The single SNP-based association studies successfully dissected the additive and dominant effects of the SNPs on several complex traits, but quantitative traits are regulated by multiple genes. Therefore, we used epistatic effects to dissect the genetic interactions between SNP–SNP pairs (Mackay, 2014; Wei et al., 2014). Epistasis is a non-linear genetic interaction between two SNP markers, and is an important tool to decipher the genetic effects of SNPs on complex traits (Heidema et al., 2006; Huang et al., 2012). Exploration of the interactions between SNP–SNP pairs will improve the understanding of the long-term response to selection and inbreeding depression (Mackay, 2014). In our study, we evaluated the interactions between SNP–SNP pairs by IGs. We found that 88.7% of 115 significant SNP–SNP pairs showed negative IGs, which suggested that two SNPs carried redundant information (Moore et al., 2006; Hu et al., 2013). SNP–SNP interactions showing positive IGs provide a contribution to phenotypic variation more than the sum of two single SNP effects. Either negative or positive IGs indicate that two SNPs have a similar effect on the same traits.

Epistasis represents the interactions between genes; thus, we used the epistasis model to verify the interactions between miRNA and its targets. For the 115 SNP–SNP pairs, 11.30% showed an interaction between Pto-MIR475b and its targets (Figure 4A). For example, Pto-MIR475b_SNP12 interacted with five SNPs from the four putative target genes, and formed five epistatic interactions with H with pairwise effects ranging from 0.01 to 2.42%, and all IGs were negative, indicating that Pto-MIR475b and its four targets interact to co-regulate tree growth and wood formation.

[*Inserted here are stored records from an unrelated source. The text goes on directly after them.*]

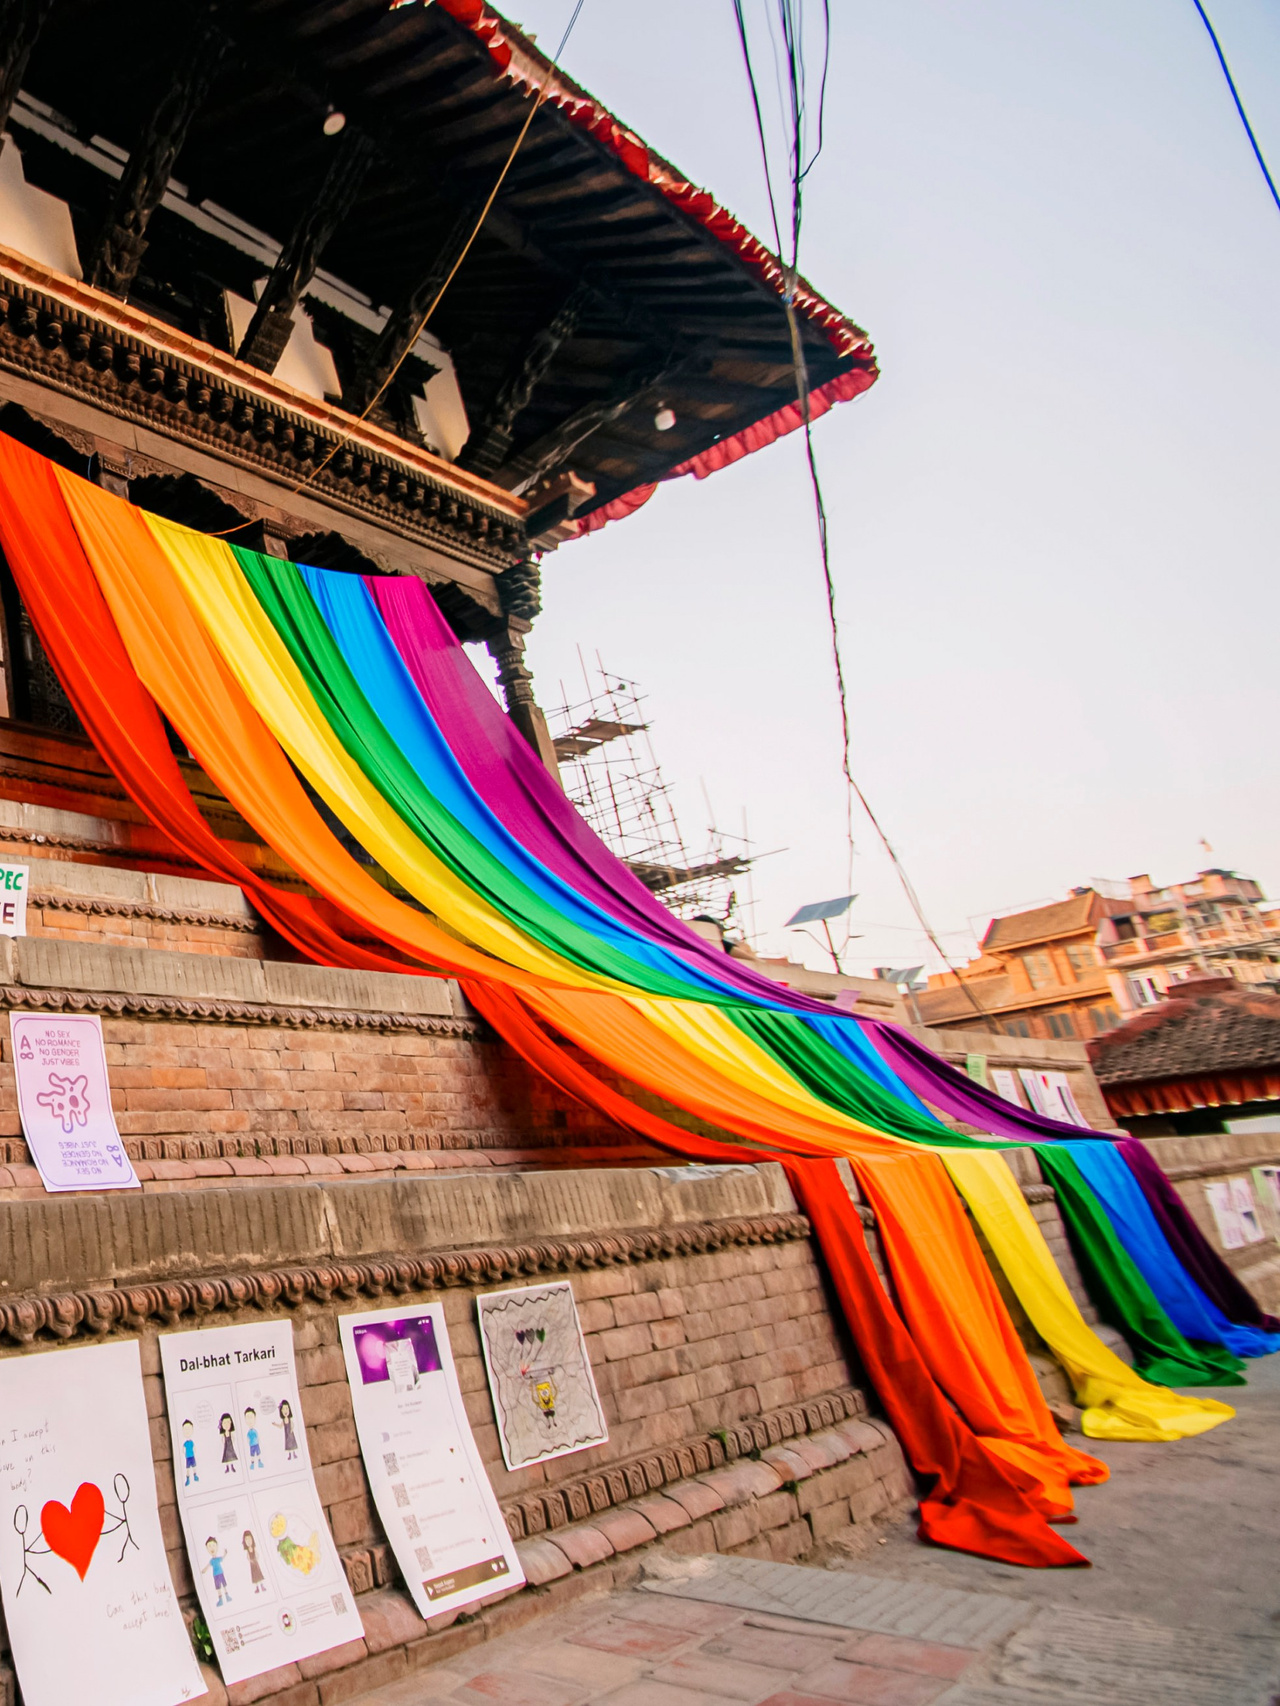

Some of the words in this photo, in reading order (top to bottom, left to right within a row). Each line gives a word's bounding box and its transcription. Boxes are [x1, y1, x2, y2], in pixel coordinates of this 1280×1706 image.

[21, 1035, 31, 1050] A
[48, 1039, 81, 1047] ROMANCE
[39, 1048, 50, 1056] NO
[52, 1048, 79, 1056] GENDER
[111, 1154, 122, 1167] A
[180, 1353, 231, 1372] Dal-bhat
[234, 1346, 275, 1363] Tarkari

To dissect the epistatic effects of gene interaction on complex traits, we conducted the phenotype of genotype combinations of SNP–SNP pairs. For example, Pto-MIR475b_SNP2 and Pto-PPR4_SNP121 formed epistatic interactions for MFA with a pairwise effect of 3.6% and an IG of -1.71% (Figure 4C). Then we determined the differences between the average phenotypic values of three single genotypes of SNP markers and the total average phenotypic values, and the differences between genotype combinations and total average phenotypic values. The different values of genotype combinations were higher than the single genotypes, indicating the interaction between Pto-MIR475b and its four target genes (Figure 4D) and suggesting that epistatic interactions of genotype combinations conferred greater effects on the phenotypic variation. In addition, the genotype of Pto-MIR475b_SNP2 was CC and the genotype of Pto-PPR4_SNP121 was GG, the epistatic effect of the genotype combination (15.21°) for MFA was significantly lower than any single genotype effects (CC: 17.78°; GG: 18.38°), indicating that phenotypic contributions of genotype combinations were less than the single genotype effects. These findings represent examples of epistatic effects and illustrate the allelic interactions of Pto-MIR475b and four putative targets for tree growth and wood formation. In addition, recent studies have discovered that miRNA activity is also impaired by endogenous competing RNAs, a phenomenon termed endogenous target mimicry (eTM) (Franco-Zorrilla et al., 2007; Thomson and Dinger, 2016). For example, Wang et al. (2016) revealed a competitive RNA regulatory network in which the long non-coding RNA H19 affected the expression of FOXM1 by competitively binding with has-miR342-3p in gallbladder cancer. The use of databases, such as PeTMbase (Karakülah et al., 2016), can predict the putative eTMs of miRNA, thus providing a new tool for understanding the regulatory mechanisms of miRNA by building an miRNA–eTM–target network.